Soquete es un payaso que se ha pasado la vida riendo. El hombre que hay detrás de la nariz se llama Víctor Quiroga y lleva 20 años representándolo. Dos décadas de carcajadas han dejado huellas en su piel. ¿Puede el rostro de un hombre envejecer de risa? La respuesta es sí. El neurobiólogo Robert Provine, uno de los expertos más respetados que hay en cuanto a carcajadas se refiere, dice que la risa es un balbuceo instintivo y contagioso, que se produce por la contracción combinada de 17 músculos de la cara. Quién mucho sonríe, entonces, mucho se arruga, y eso le ha pasado al rostro de Soquete: se ha sobrepoblado de líneas de expresión en su frente, mejillas y boca.

Tener surcos por risueño, sin embargo, nunca ha sido un problema para él. Al contrario, cada pliegue es una condecoración que esconde millones de muecas de felicidad. “La vida es eso, risas”, dice, mientras suelta una disimulada burla. Luego se toma un respiro y se pregunta: “¿en qué momento la seriedad se tomó este país?”. Su interpelación me recuerda la frase más amarga que alguna vez le escuché decir a alguien: “la risa abunda en la boca de los tontos”. “Lo que pasa es que la palabra tonto está desprestigiada. El tonto es el loco del pueblo, el loco de carnaval, y este personaje es súper necesario para que la sociedad esté contenta”, apunta Soquete, reinterpretando el dicho.

La seriedad de la que habla no es solo un padecimiento propio de nuestra cultura. La ciencia ha establecido que hay un minuto en la vida en que, por las vicisitudes del sistema, las sonrisas simplemente se agotan. Hay estudios que dicen, por ejemplo, que un niño se ríe hasta 300 veces al día, mientras que un adulto alegre no supera las 25 veces en promedio. ¿Por qué entonces dejamos de reír? Soquete cree que detrás de eso está la Iglesia: “ellos fueron los primeros en prohibir el humor”, apunta. “¡Imagínate que pusieron a Dios y a la Virgen como huraños!”, agrega con vehemencia. Si la biblia hubiese sido escrita con la mirada de un tony –asegura- otra historia se contaría: “El Ángel le dijo a María: ‘llena eres de gracia’. Es decir, que en ella habitaba la gracia. Seguramente María andaba contando chistes o le agarraba el culo a los hueones, y de allí nació Cristo, que hizo su primer milagro en un matri convirtiendo el agua en vino. Si un hueón tiene esa capacidad es el rey de reyes, el alma de la fiesta”, agrega entre carcajadas.

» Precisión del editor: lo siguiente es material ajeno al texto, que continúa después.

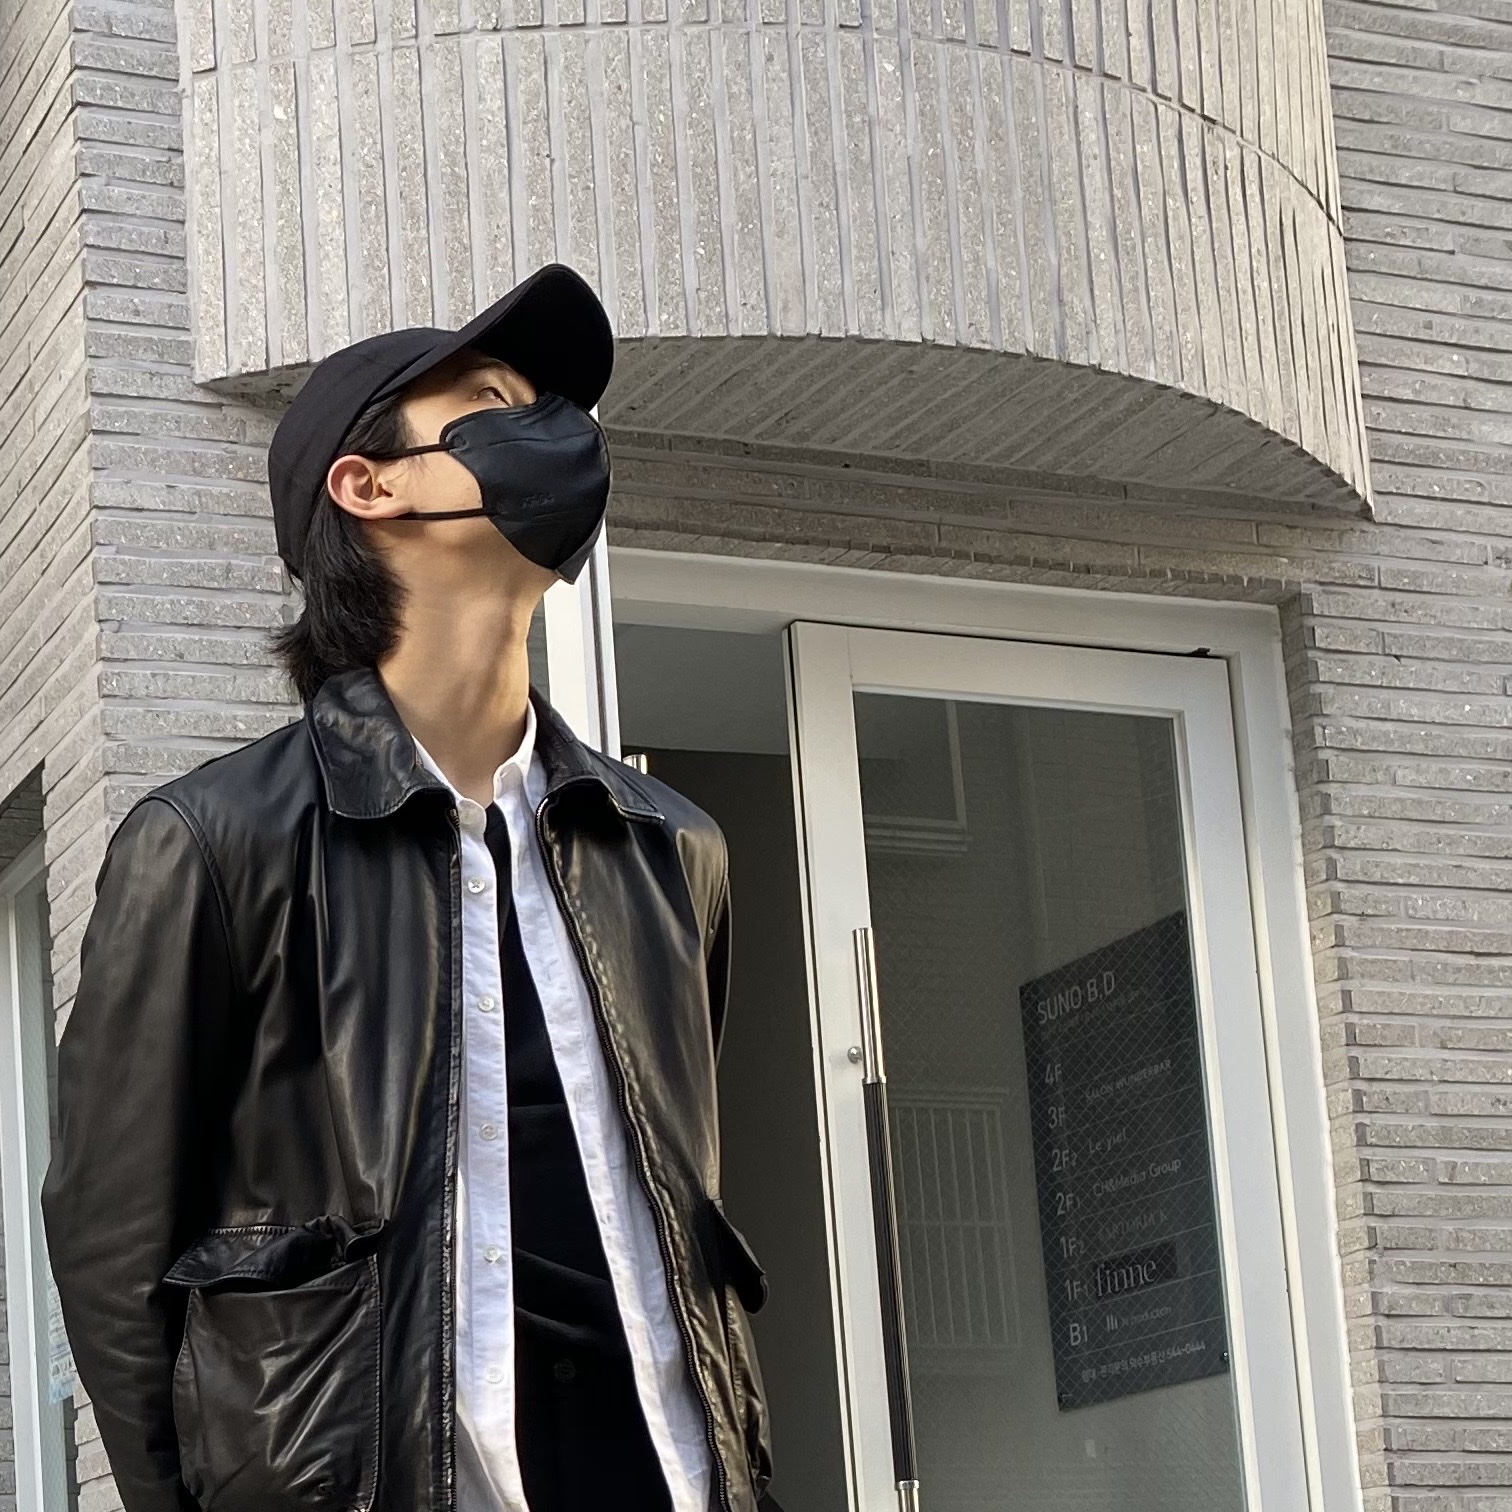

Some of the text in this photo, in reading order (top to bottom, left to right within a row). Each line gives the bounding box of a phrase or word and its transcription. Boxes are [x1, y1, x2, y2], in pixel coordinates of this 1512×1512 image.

La historia colonial de Chile parece darle la razón. En el sínodo diocesano de Santiago de 1688, por ejemplo, se estableció que era ilícito profanar el templo con conversaciones, risas, paseos, estrépitos o ruidos, y setenta años después, otro sínodo estableció que en Navidad estaban prohibidas las canciones burlescas. La investigación “Risa y cultura en Chile”, del historiador Maximiliano Salinas, rescata una carta que el obispo Manuel Alday le mandó en 1778 a Agustín Jáuregui, presidente del Reino, para oponerse a la creación de un teatro permanente: “No puede negarse que a lo menos los cómicos están reputados como personas infames y de una vida relajada”, escribió el cura.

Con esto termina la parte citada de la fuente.